Since the pictures are not wanted, copy only the text of every record exactly.

▼▼▼

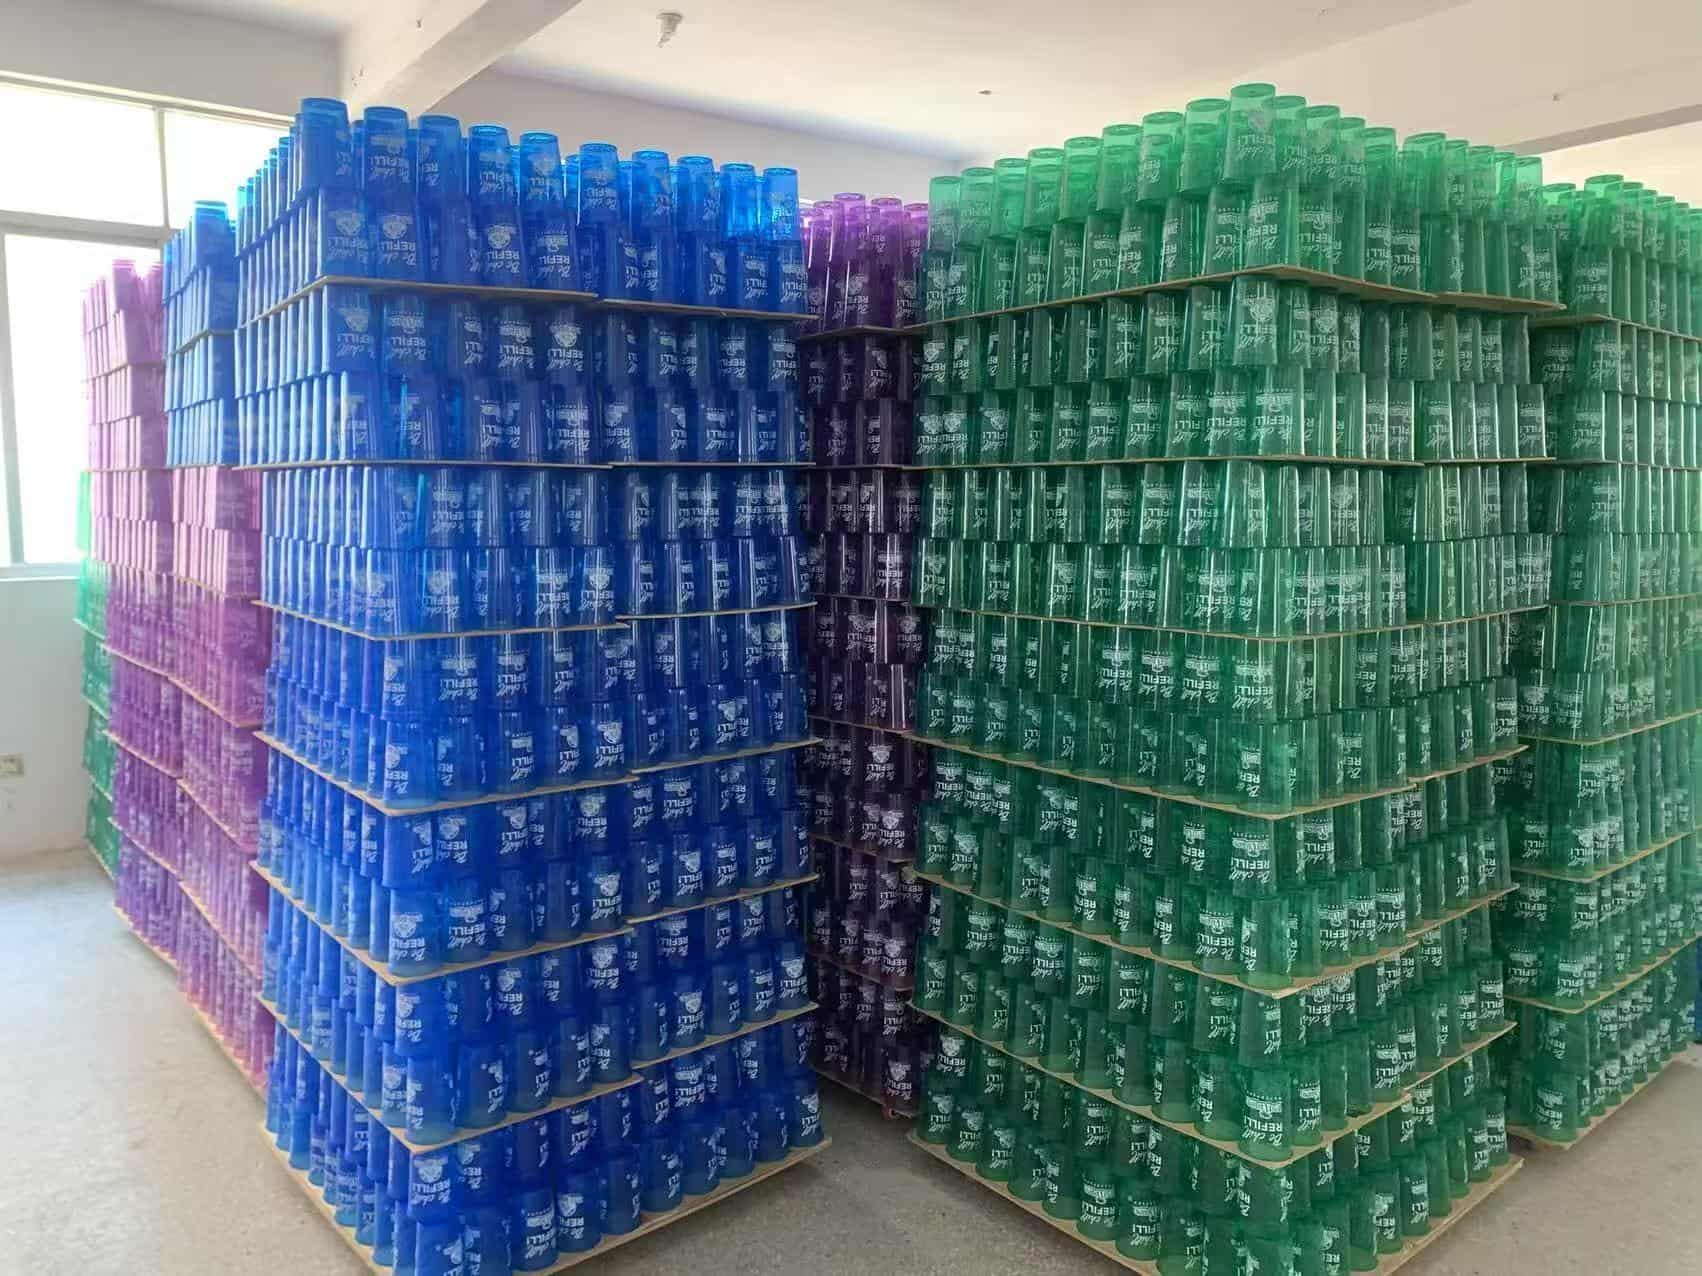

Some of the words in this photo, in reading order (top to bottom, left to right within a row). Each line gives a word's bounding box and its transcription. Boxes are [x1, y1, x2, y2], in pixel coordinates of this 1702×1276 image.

[394, 780, 408, 793] Be
[1247, 785, 1259, 798] Be
[1191, 859, 1204, 871] Be
[1258, 871, 1270, 884] Be
[1220, 947, 1234, 960] Be
[508, 1003, 522, 1015] Be
[408, 1030, 421, 1041] Be
[1269, 1133, 1282, 1146] Be
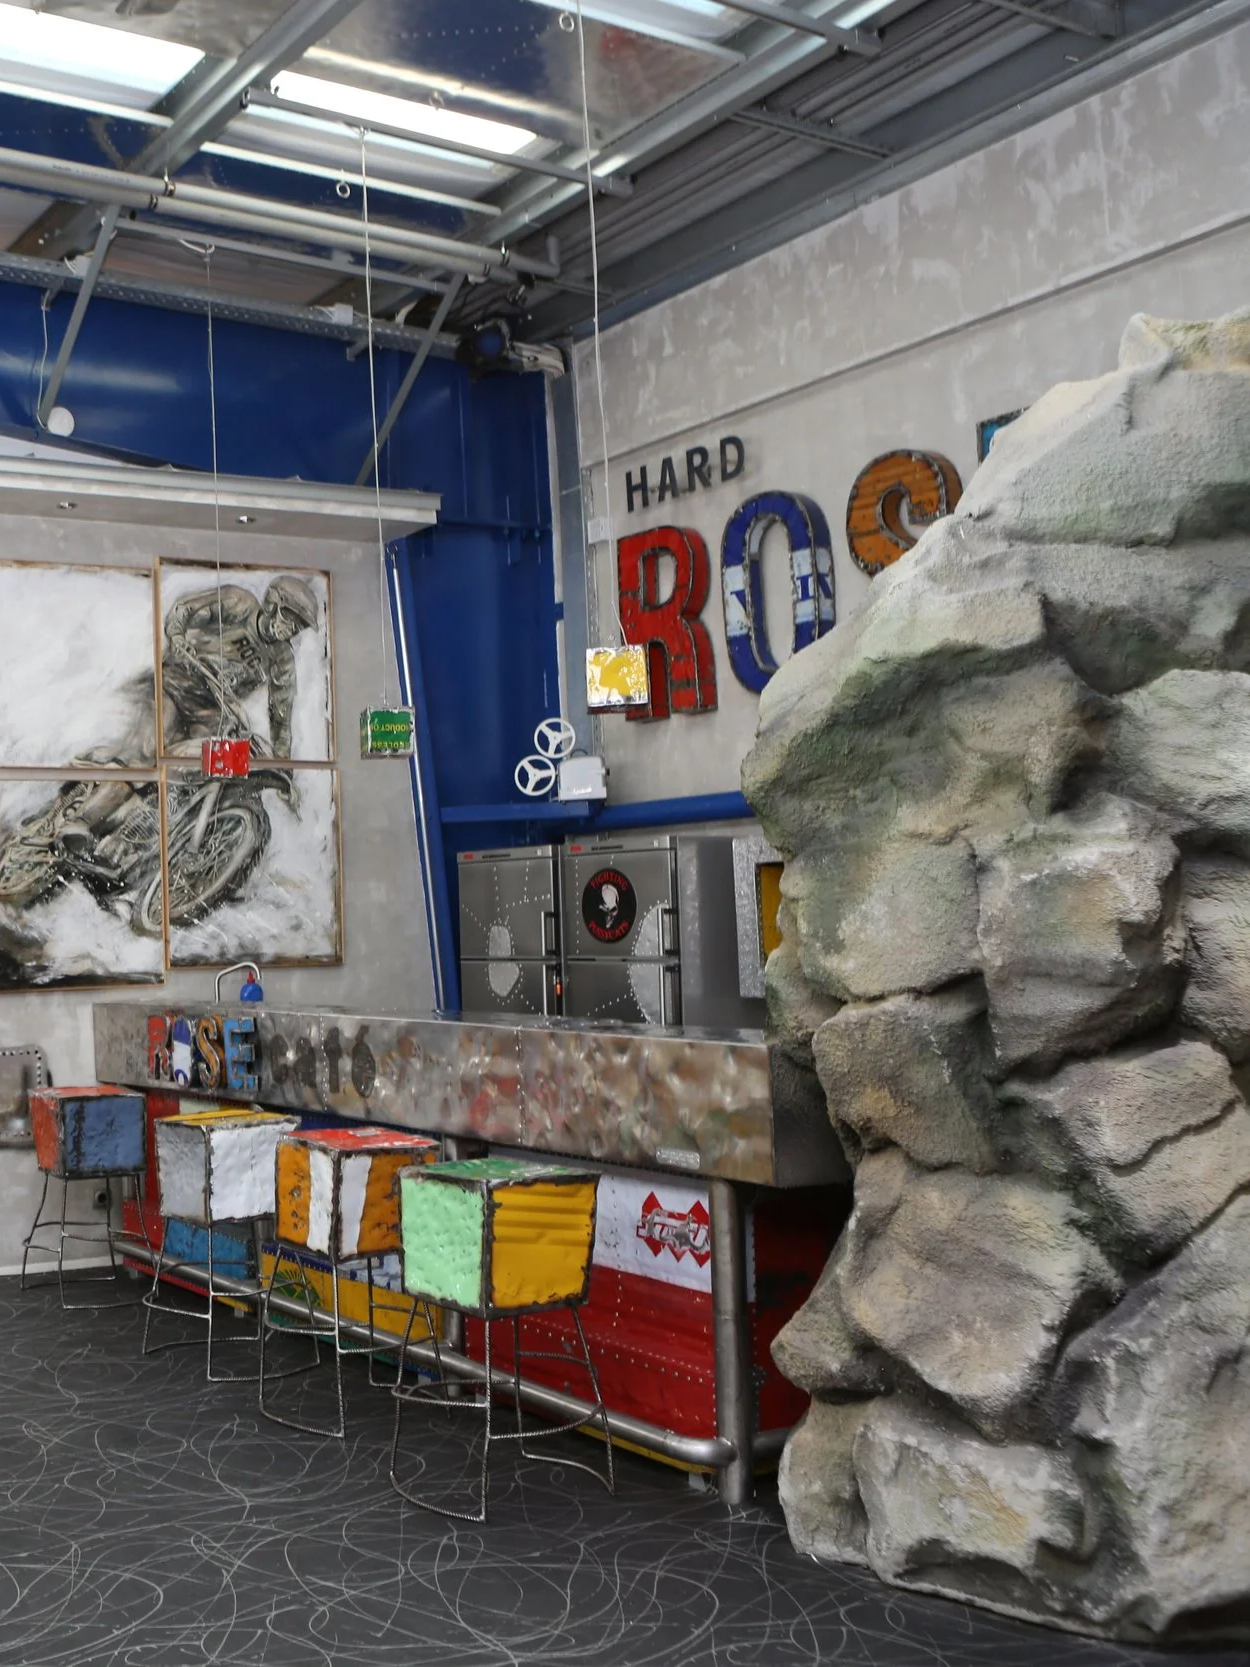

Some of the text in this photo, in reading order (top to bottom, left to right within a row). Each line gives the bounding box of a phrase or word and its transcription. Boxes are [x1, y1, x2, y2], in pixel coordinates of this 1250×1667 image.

▲▲▲

Result for this exercise:
Some of the words in this photo, in reading order (top to bottom, left to right within a row). Each line gives a word's bounding box and its transcription. Boxes are [x1, y1, x2, y2], in pixel coordinates of this 1702×1276 image.

[394, 780, 408, 793] Be
[1247, 785, 1259, 798] Be
[1191, 859, 1204, 871] Be
[1258, 871, 1270, 884] Be
[1220, 947, 1234, 960] Be
[508, 1003, 522, 1015] Be
[408, 1030, 421, 1041] Be
[1269, 1133, 1282, 1146] Be

Some of the text in this photo, in reading order (top to bottom, left to right within a row). Each line gives the bounding box of a phrase or word and its transcription. Boxes are [x1, y1, x2, y2], in pixel coordinates of this 1250×1667 image.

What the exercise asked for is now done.